[Telegrams from the Street: May 20, 2011]
This just in, the latest addition to the burgeoning NQC (New Queens Cuisine) scene, Au Junkyard, opening next week in Greenpoint. Located in a former machine shop, with tools and car parts still scattered on the oily floor, Au Junkyard is the brainchild of Didier le Gras. Formerly of Pour L'âne de Porc in downtown Saint-Hubert, Quebec, Gras is also an alum of Obscurity Farm and its single, hard-to-book communal table in a barn twenty-seven miles drive across open terrain from the city.
He brings his seasonal sensibility, fine dining chops and enormous cleaver to New York at last, promising primal cuts of any legally available animal, garnished with micro-greens grown on the roof of his car and picked the same day. "Pork, of course, cow, goose, anything. What about roadkill? This is legal, no?"
Almost unintelligible, speaking through a mustache which hangs below his chin, Didier looks more like a heavily tattooed stevedore than a chef.
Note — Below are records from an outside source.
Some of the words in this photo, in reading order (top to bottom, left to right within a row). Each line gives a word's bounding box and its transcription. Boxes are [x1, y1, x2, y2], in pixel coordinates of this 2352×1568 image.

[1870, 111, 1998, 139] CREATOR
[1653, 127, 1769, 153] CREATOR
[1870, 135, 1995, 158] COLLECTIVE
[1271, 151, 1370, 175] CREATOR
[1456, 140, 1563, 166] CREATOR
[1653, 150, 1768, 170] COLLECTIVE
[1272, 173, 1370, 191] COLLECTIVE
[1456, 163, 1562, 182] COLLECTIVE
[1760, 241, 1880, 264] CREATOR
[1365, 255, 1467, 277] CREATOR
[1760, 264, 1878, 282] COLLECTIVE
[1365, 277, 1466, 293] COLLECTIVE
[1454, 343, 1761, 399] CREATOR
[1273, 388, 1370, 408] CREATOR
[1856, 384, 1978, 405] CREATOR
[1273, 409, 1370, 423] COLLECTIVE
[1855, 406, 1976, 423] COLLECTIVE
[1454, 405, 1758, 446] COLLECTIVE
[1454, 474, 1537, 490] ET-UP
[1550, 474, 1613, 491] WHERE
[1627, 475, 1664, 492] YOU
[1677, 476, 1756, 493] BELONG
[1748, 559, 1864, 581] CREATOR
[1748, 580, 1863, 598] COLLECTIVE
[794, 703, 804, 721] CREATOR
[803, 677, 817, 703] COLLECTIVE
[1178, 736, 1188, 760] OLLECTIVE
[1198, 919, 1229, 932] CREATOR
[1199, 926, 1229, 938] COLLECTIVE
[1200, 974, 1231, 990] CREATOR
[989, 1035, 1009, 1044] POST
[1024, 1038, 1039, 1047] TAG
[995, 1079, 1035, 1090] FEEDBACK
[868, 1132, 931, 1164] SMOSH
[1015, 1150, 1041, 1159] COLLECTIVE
This is misleading, as before apprenticing with the Obscurity team, he led a modern dance troupe in Quebec City, Les Petits Papillons. "I started to cook," he mumbled, "for their supper, but after six months of my food everybody was too fat to dance, so it was time to move on."
On the Junkyard opening menu, Didier will offer an entire fresh bacon. This is the whole underside of the pig, hacked crudely from its carcass, braised in Meister Brau for ten hours, then covered in double cream (he uses a broom to brush it on), rolled in crushed crackers (it takes four people to turn it), then deep fried in a massive cauldron of duck fat (it used to take five people, but one fell into the vat).
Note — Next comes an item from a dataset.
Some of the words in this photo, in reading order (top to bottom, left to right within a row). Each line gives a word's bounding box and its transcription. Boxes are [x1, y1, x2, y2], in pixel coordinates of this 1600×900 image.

"We probably spend more money on duck fat than anything else. Also, I use it to condition my mustache," barks Didier, using his cleaver to mince some micro-greens to a fine mush to an ear-splitting sountrack of the Norwegian death metal he cranks up every afternoon and plays until the restaurant closes at 4 am.
The pig is sauced with a thick custard flavored with Asian spices, and comes with a fermented fish dipping sauce. It serves fourteen people, which is a pity as the restaurant seats only twelve.
No liquor license, but you may bring your own - canned beer only. No reservations, no telephone, no sign outside, and no unambiguous street address. Cash only, mains $36-$345.